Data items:
○ ○ ○ ○ ○ ○ ○
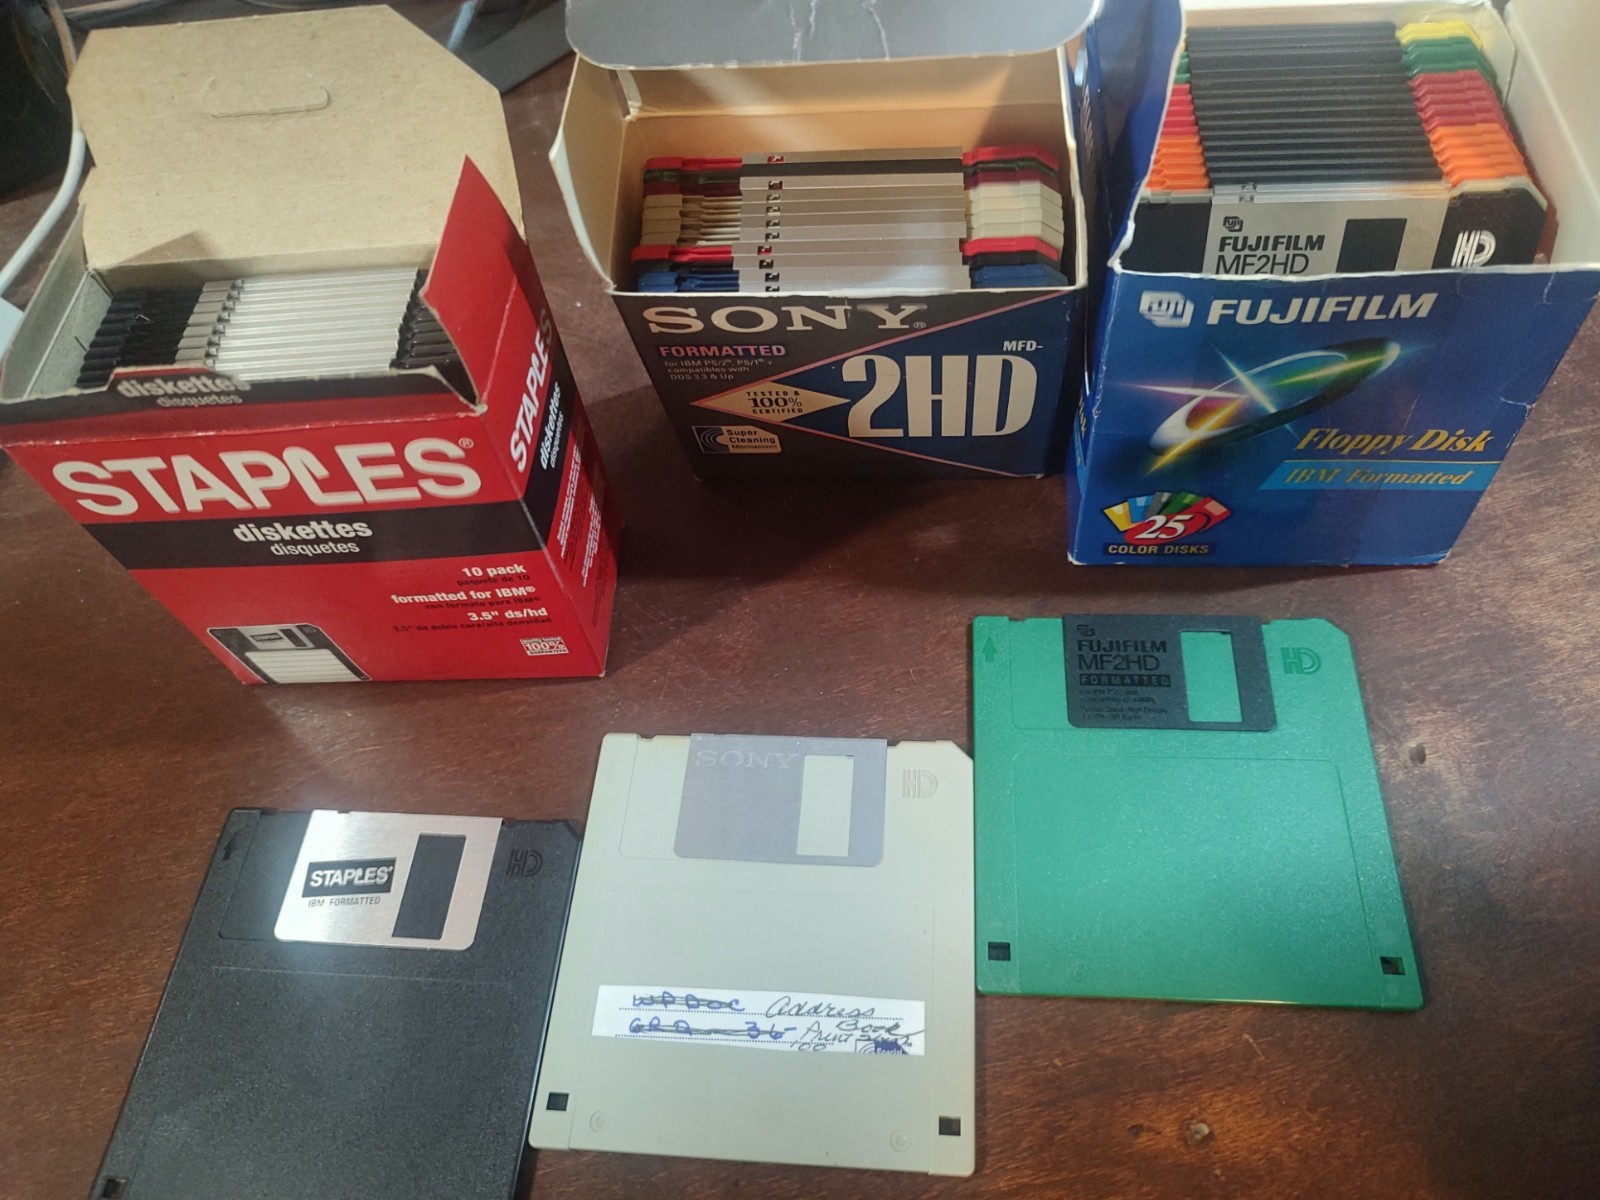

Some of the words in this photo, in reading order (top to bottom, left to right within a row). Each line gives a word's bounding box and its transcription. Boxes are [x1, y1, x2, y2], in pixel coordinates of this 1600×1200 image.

[1219, 235, 1325, 252] FUJIFILM
[1451, 230, 1497, 267] HD
[1215, 254, 1310, 275] MF2HD
[1206, 292, 1438, 325] FUJIFILM
[659, 345, 786, 357] FORMATTED
[1003, 340, 1043, 351] MFD-
[117, 375, 252, 398] diskettes
[510, 308, 552, 473] STAPLES
[156, 394, 243, 408] disquetes
[746, 397, 803, 408] 100%
[841, 355, 1037, 437] 2HD
[540, 381, 561, 470] diskettes
[726, 429, 758, 438] Super
[729, 436, 776, 444] Cleaning
[1294, 427, 1412, 455] Floppy
[1409, 429, 1496, 453] Disk
[1284, 468, 1341, 484] IBM
[1345, 468, 1474, 485] Formatted
[233, 519, 373, 544] diskettes
[1134, 514, 1195, 539] 25
[270, 539, 360, 557] disquetes
[1108, 545, 1158, 554] COLOR
[1163, 545, 1209, 554] DISKS
[461, 566, 484, 578] 10
[486, 563, 527, 578] pack
[391, 590, 468, 604] formatted
[469, 589, 493, 600] for
[467, 609, 499, 622] 3.5"
[505, 606, 548, 620] ds/hd
[525, 641, 565, 651] 100%
[1077, 639, 1167, 653] FUJIFILM
[1078, 653, 1161, 671] MF2HD
[1081, 674, 1170, 686] FORMATTED
[696, 750, 798, 769] SONY
[308, 898, 326, 908] IBM
[329, 896, 381, 907] FORMATTED
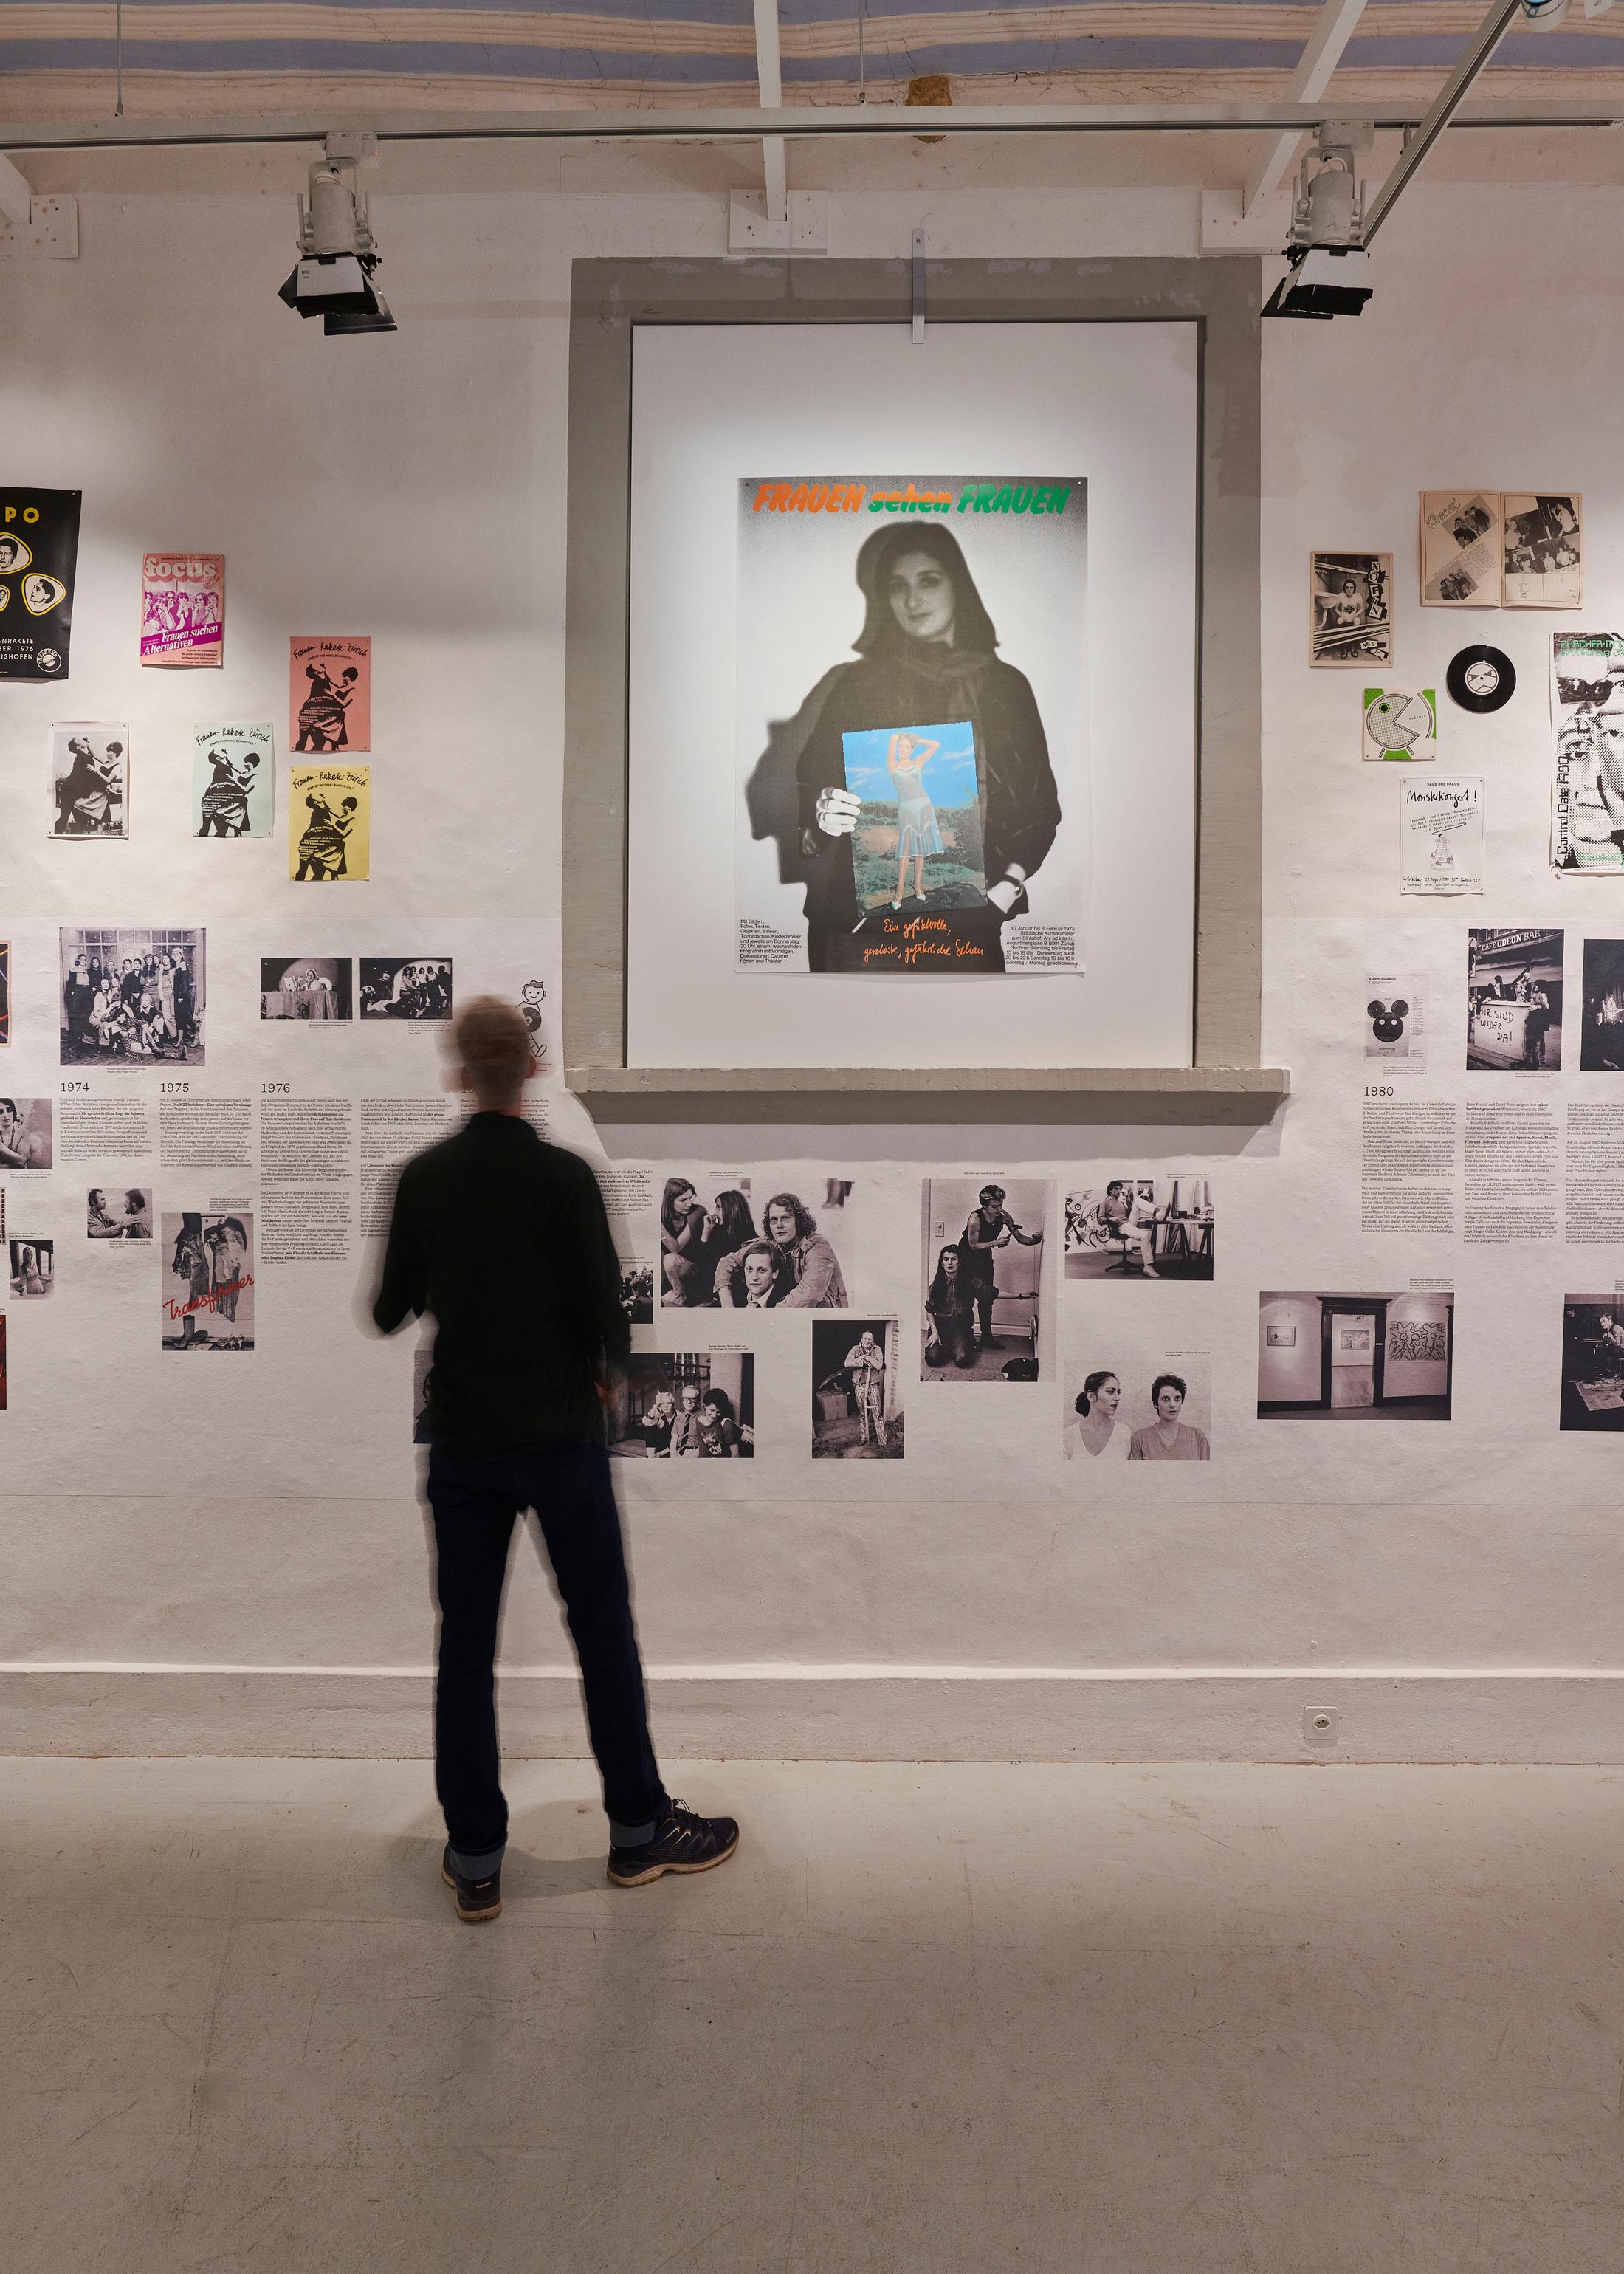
○ ○ ○ ○ ○ ○ ○
> _What you will do_: Nothing but the records above, exact and without pictures, should appear in the answer.

> _Reply to the exercise_:
Some of the words in this photo, in reading order (top to bottom, left to right within a row). Each line gives a word's bounding box and its transcription. Boxes are [x1, y1, x2, y2], in pixel coordinates of this 1600×1200 image.

[1219, 235, 1325, 252] FUJIFILM
[1451, 230, 1497, 267] HD
[1215, 254, 1310, 275] MF2HD
[1206, 292, 1438, 325] FUJIFILM
[659, 345, 786, 357] FORMATTED
[1003, 340, 1043, 351] MFD-
[117, 375, 252, 398] diskettes
[510, 308, 552, 473] STAPLES
[156, 394, 243, 408] disquetes
[746, 397, 803, 408] 100%
[841, 355, 1037, 437] 2HD
[540, 381, 561, 470] diskettes
[726, 429, 758, 438] Super
[729, 436, 776, 444] Cleaning
[1294, 427, 1412, 455] Floppy
[1409, 429, 1496, 453] Disk
[1284, 468, 1341, 484] IBM
[1345, 468, 1474, 485] Formatted
[233, 519, 373, 544] diskettes
[1134, 514, 1195, 539] 25
[270, 539, 360, 557] disquetes
[1108, 545, 1158, 554] COLOR
[1163, 545, 1209, 554] DISKS
[461, 566, 484, 578] 10
[486, 563, 527, 578] pack
[391, 590, 468, 604] formatted
[469, 589, 493, 600] for
[467, 609, 499, 622] 3.5"
[505, 606, 548, 620] ds/hd
[525, 641, 565, 651] 100%
[1077, 639, 1167, 653] FUJIFILM
[1078, 653, 1161, 671] MF2HD
[1081, 674, 1170, 686] FORMATTED
[696, 750, 798, 769] SONY
[308, 898, 326, 908] IBM
[329, 896, 381, 907] FORMATTED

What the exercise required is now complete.